Sedang Trending 2 minggu yang lalu

Chief Executive Officer (CEO) Danantara Rosan Roeslani memberikan penjelasan mengenai penurunan tajam Indeks Harga Saham Gabungan (IHSG) setelah pembentukan PT Danantara Sumberdaya Indonesia. Tekanan terhadap indeks saham tersebut dinilai lebih dipengaruhi oleh faktor teknikal pasar dan sentimen global.

Pelemahan IHSG tercatat terjadi berturut-turut dalam dua hari perdagangan terakhir, sebagaimana dilansir dari Detik Finance. Setelah merosot 0,82 persen ke level 6.318,50 pada Rabu (20/5) menyusul pidato Presiden Prabowo Subianto tentang tata kelola ekspor komoditas, IHSG ditutup anjlok lagi sebesar 3,54 persen atau berkurang 233 poin ke level 6.094 pada Kamis (21/5/2026).

Faktor utama di balik koreksi pasar modal domestik ini disebut berkaitan erat dengan penyesuaian berkala indeks global. Morgan Stanley Capital International (MSCI) diketahui mengeluarkan 18 saham asal Indonesia yang dijadwalkan berlaku efektif pasca penutupan perdagangan pada 29 Mei 2026.

"Kalau saya senang bicaranya secara statistik di data gitu ya. Memang kita tahu ada MSCI yang menyatakan nanti mungkin tanggal 29 kan dari MSCI, menyebabkan pasti investor mungkin dari luar, karena ada beberapa saham yang dikeluarkan, juga itu akan mengalami penekanan," jelas Rosan, CEO Danantara.
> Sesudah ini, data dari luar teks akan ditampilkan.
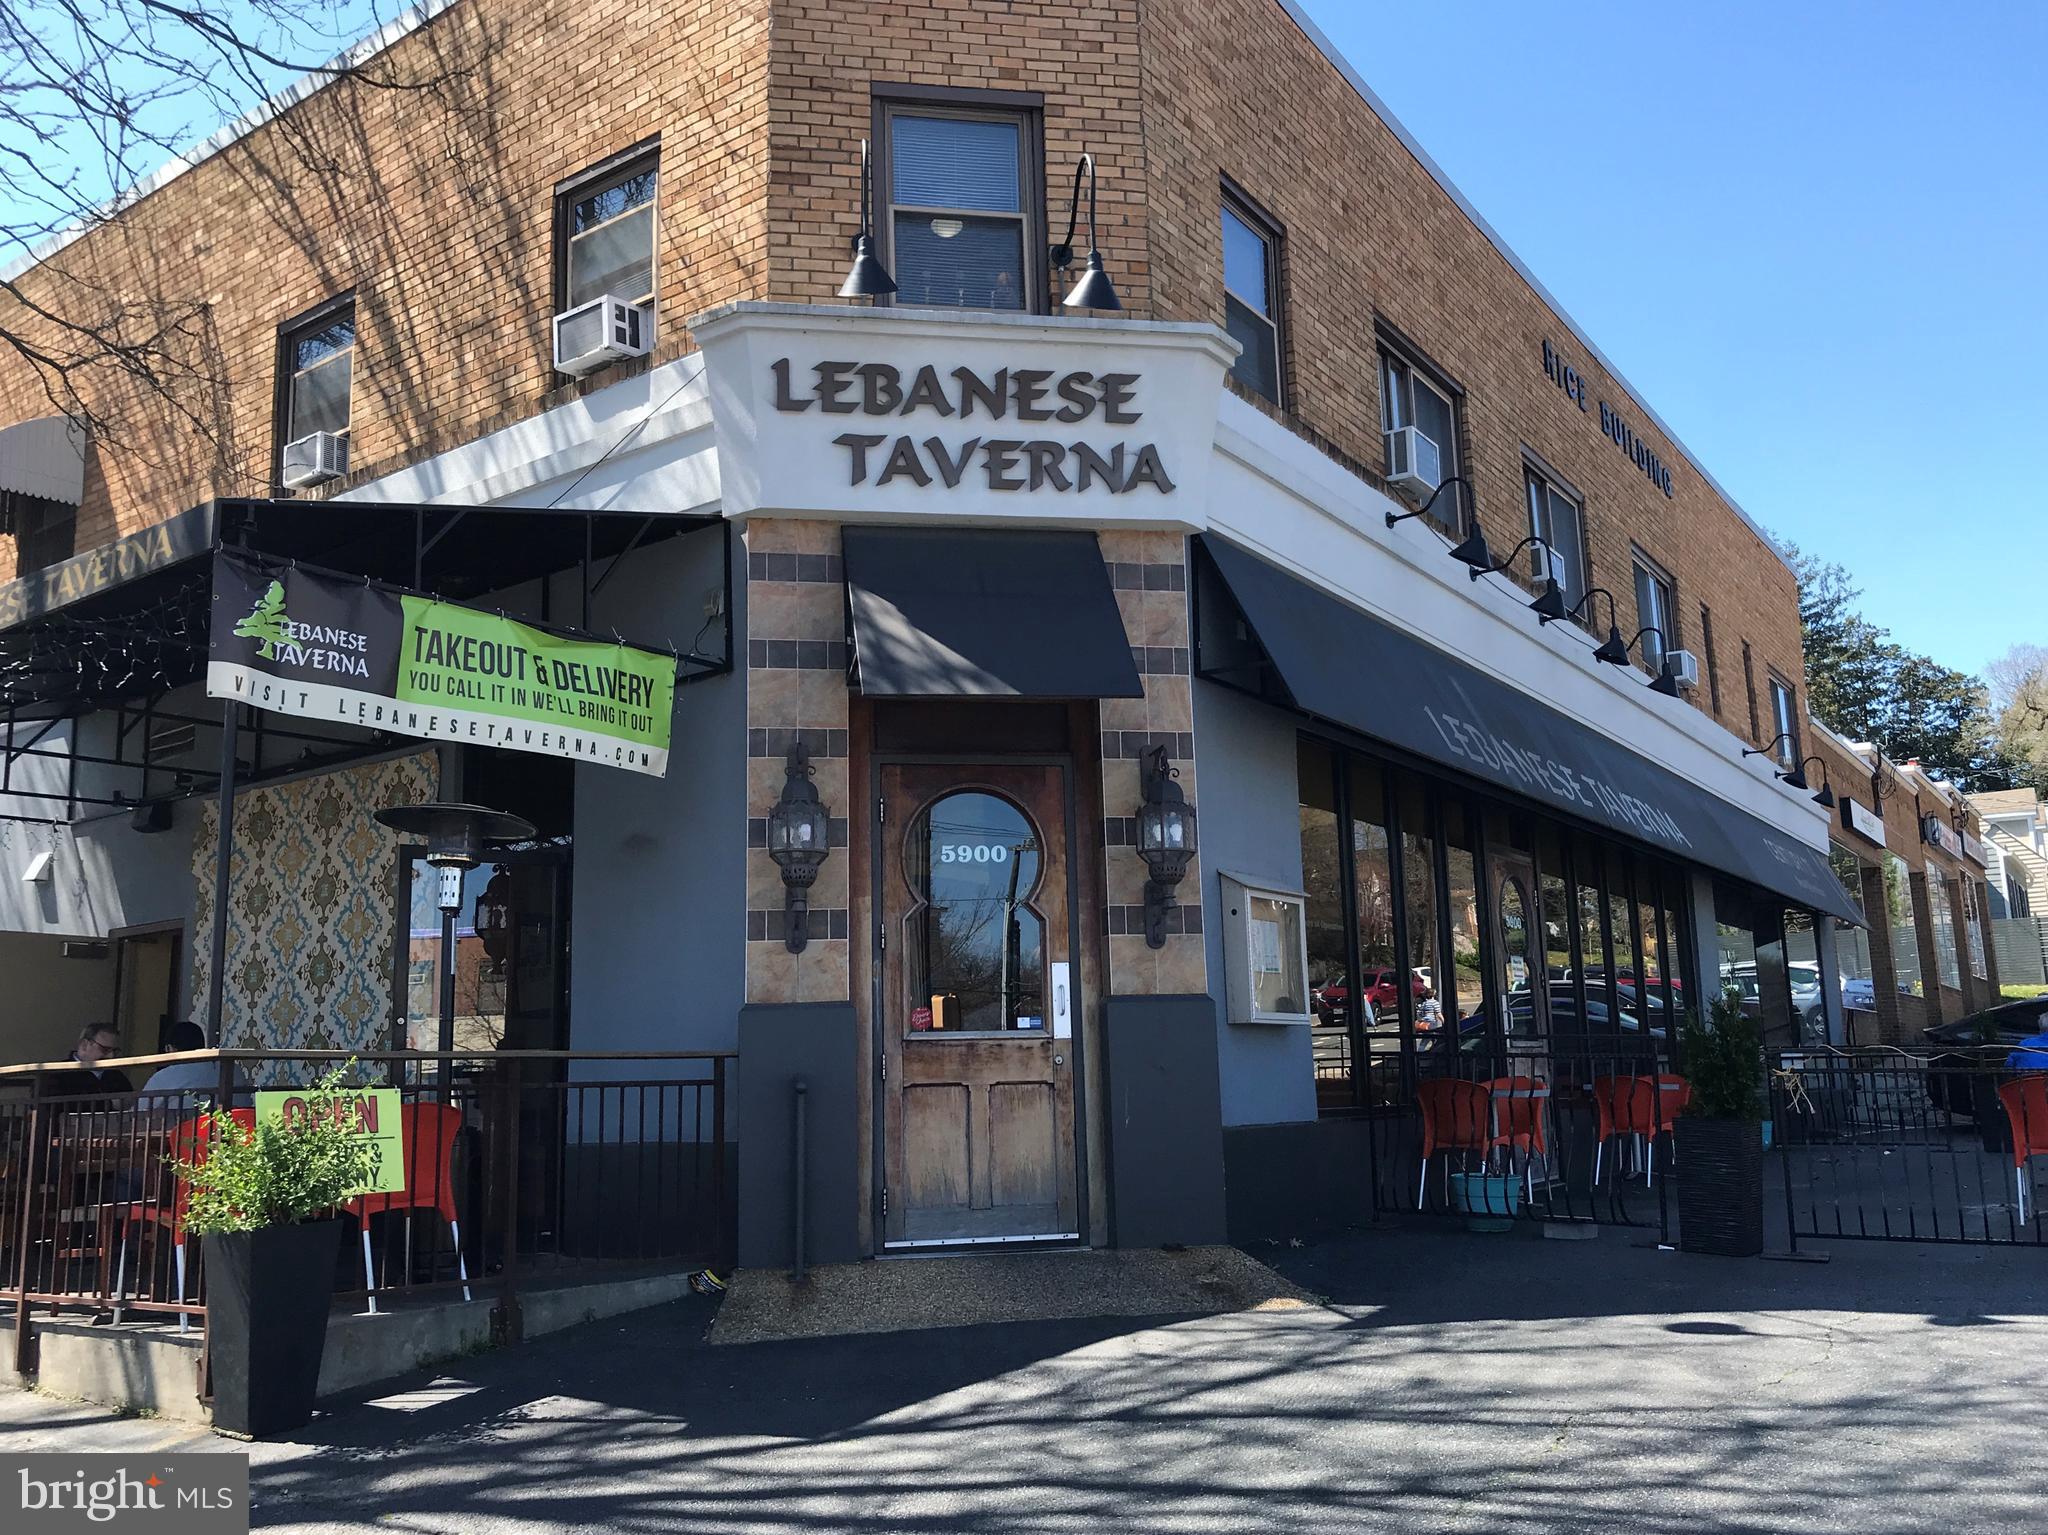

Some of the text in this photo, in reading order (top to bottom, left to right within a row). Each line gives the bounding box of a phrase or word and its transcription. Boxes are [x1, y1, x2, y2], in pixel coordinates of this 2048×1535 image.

[770, 358, 1143, 424] LEBANESE
[832, 432, 1176, 495] TAVERNA
[1599, 401, 1673, 499] BUILDING
[43, 525, 173, 606] TAVERNA
[273, 641, 370, 679] TAVERNA
[280, 620, 368, 653] LEBANESE
[414, 625, 655, 709] TAKEOUT & DELIVERY
[235, 675, 649, 768] VISIT LEBANESETAVERNA.COM
[409, 669, 653, 734] YOU CALL IT IN WE'LL BRING IT OUT
[1424, 705, 1693, 849] LEBANESE TAVERNA
[940, 844, 1008, 864] 5900
[282, 1093, 379, 1136] OPEN
Kondisi kinerja badan usaha milik negara saat ini ditegaskan masih berada dalam posisi yang kuat. Rosan, yang juga mengemban tugas sebagai Menteri Investasi dan Hilirisasi, mencontohkan kelompok bank Himbara tetap memperlihatkan pencapaian positif serta memberikan imbal hasil yang tinggi bagi investor.

"Kalau kita lihat satu persatu, apalagi BUMN kami seperti bank-bank Himbara, kalau kita lihat misalnya performanya meningkat, yieldnya juga di atas 10-11%, ya kan?" tambah Rosan, CEO Danantara.

Meskipun sentimen negatif dan persepsi pasar jangka pendek sedang menekan pergerakan saham, proyeksi untuk periode menengah hingga panjang diyakini akan bergerak ke arah yang positif. Evaluasi terhadap situasi pasar saat ini menunjukkan bahwa kekuatan ekonomi fundamental dan kondisi korporasi pelat merah masih terjaga dengan baik.

"Jadi ya ada faktor teknikal, persepsi, tapi kalau kita lihat fundamentalnya, insyaAllah, fundamentalnya bagus gitu, kan bisa dilihat. Tapi persepsi yang di market ya semuanya kan juga sedang tertekan. Jadi yang penting secara menengah ke depannya, long run-nya itu akan-akan baik," tutur Rosan, CEO Danantara.

PT Danantara Sumberdaya Indonesia sendiri merupakan badan baru yang dibentuk pemerintah untuk mengelola kegiatan ekspor berbagai komoditas strategis nasional. Komoditas yang berada di bawah pengelolaan badan ini meliputi minyak kelapa sawit, batu bara, hingga fero alloy.